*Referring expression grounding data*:
#####
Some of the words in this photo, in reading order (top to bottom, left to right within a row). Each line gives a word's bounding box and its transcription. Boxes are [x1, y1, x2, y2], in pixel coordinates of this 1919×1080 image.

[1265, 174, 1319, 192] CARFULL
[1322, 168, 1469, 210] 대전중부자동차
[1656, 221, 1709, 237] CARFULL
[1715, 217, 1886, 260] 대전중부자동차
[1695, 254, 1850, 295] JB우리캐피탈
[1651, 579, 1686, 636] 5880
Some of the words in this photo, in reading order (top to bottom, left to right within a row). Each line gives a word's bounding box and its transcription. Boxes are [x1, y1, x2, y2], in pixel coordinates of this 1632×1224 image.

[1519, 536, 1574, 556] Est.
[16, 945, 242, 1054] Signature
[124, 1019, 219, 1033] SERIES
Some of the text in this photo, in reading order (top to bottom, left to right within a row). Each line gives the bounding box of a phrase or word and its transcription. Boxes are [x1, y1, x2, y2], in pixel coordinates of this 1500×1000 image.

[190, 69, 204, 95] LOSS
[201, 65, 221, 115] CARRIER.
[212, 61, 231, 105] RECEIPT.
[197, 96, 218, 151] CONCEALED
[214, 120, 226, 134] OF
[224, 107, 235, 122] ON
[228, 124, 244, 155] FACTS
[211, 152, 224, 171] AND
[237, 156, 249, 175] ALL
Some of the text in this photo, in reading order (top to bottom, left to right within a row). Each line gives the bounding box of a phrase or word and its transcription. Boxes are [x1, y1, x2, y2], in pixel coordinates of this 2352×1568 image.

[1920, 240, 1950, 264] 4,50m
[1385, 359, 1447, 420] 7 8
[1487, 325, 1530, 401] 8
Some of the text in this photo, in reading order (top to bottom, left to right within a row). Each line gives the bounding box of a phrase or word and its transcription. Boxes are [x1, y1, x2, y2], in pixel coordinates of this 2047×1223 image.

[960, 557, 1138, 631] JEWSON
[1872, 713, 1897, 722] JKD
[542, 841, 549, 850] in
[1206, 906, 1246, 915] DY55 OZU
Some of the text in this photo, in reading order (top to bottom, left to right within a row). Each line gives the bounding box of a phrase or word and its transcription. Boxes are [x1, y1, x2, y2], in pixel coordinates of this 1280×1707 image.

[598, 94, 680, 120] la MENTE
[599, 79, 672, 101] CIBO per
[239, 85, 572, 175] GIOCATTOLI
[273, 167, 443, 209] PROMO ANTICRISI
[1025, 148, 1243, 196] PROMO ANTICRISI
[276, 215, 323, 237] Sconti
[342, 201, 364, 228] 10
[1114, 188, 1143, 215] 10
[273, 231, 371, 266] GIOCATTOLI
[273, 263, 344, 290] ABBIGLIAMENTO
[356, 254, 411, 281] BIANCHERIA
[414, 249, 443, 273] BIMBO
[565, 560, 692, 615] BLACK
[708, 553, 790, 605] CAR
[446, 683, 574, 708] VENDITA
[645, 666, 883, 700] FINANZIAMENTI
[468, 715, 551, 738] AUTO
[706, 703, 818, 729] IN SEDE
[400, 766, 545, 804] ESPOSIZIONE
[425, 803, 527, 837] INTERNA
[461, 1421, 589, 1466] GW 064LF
#####
*Task item*: Output the records above exactly as written.

*Your response*:
Some of the words in this photo, in reading order (top to bottom, left to right within a row). Each line gives a word's bounding box and its transcription. Boxes are [x1, y1, x2, y2], in pixel coordinates of this 1919×1080 image.

[1265, 174, 1319, 192] CARFULL
[1322, 168, 1469, 210] 대전중부자동차
[1656, 221, 1709, 237] CARFULL
[1715, 217, 1886, 260] 대전중부자동차
[1695, 254, 1850, 295] JB우리캐피탈
[1651, 579, 1686, 636] 5880
Some of the words in this photo, in reading order (top to bottom, left to right within a row). Each line gives a word's bounding box and its transcription. Boxes are [x1, y1, x2, y2], in pixel coordinates of this 1632×1224 image.

[1519, 536, 1574, 556] Est.
[16, 945, 242, 1054] Signature
[124, 1019, 219, 1033] SERIES
Some of the text in this photo, in reading order (top to bottom, left to right within a row). Each line gives the bounding box of a phrase or word and its transcription. Boxes are [x1, y1, x2, y2], in pixel coordinates of this 1500×1000 image.

[190, 69, 204, 95] LOSS
[201, 65, 221, 115] CARRIER.
[212, 61, 231, 105] RECEIPT.
[197, 96, 218, 151] CONCEALED
[214, 120, 226, 134] OF
[224, 107, 235, 122] ON
[228, 124, 244, 155] FACTS
[211, 152, 224, 171] AND
[237, 156, 249, 175] ALL
Some of the text in this photo, in reading order (top to bottom, left to right within a row). Each line gives the bounding box of a phrase or word and its transcription. Boxes are [x1, y1, x2, y2], in pixel coordinates of this 2352×1568 image.

[1920, 240, 1950, 264] 4,50m
[1385, 359, 1447, 420] 7 8
[1487, 325, 1530, 401] 8
Some of the text in this photo, in reading order (top to bottom, left to right within a row). Each line gives the bounding box of a phrase or word and its transcription. Boxes are [x1, y1, x2, y2], in pixel coordinates of this 2047×1223 image.

[960, 557, 1138, 631] JEWSON
[1872, 713, 1897, 722] JKD
[542, 841, 549, 850] in
[1206, 906, 1246, 915] DY55 OZU
Some of the text in this photo, in reading order (top to bottom, left to right within a row). Each line gives the bounding box of a phrase or word and its transcription. Boxes are [x1, y1, x2, y2], in pixel coordinates of this 1280×1707 image.

[598, 94, 680, 120] la MENTE
[599, 79, 672, 101] CIBO per
[239, 85, 572, 175] GIOCATTOLI
[273, 167, 443, 209] PROMO ANTICRISI
[1025, 148, 1243, 196] PROMO ANTICRISI
[276, 215, 323, 237] Sconti
[342, 201, 364, 228] 10
[1114, 188, 1143, 215] 10
[273, 231, 371, 266] GIOCATTOLI
[273, 263, 344, 290] ABBIGLIAMENTO
[356, 254, 411, 281] BIANCHERIA
[414, 249, 443, 273] BIMBO
[565, 560, 692, 615] BLACK
[708, 553, 790, 605] CAR
[446, 683, 574, 708] VENDITA
[645, 666, 883, 700] FINANZIAMENTI
[468, 715, 551, 738] AUTO
[706, 703, 818, 729] IN SEDE
[400, 766, 545, 804] ESPOSIZIONE
[425, 803, 527, 837] INTERNA
[461, 1421, 589, 1466] GW 064LF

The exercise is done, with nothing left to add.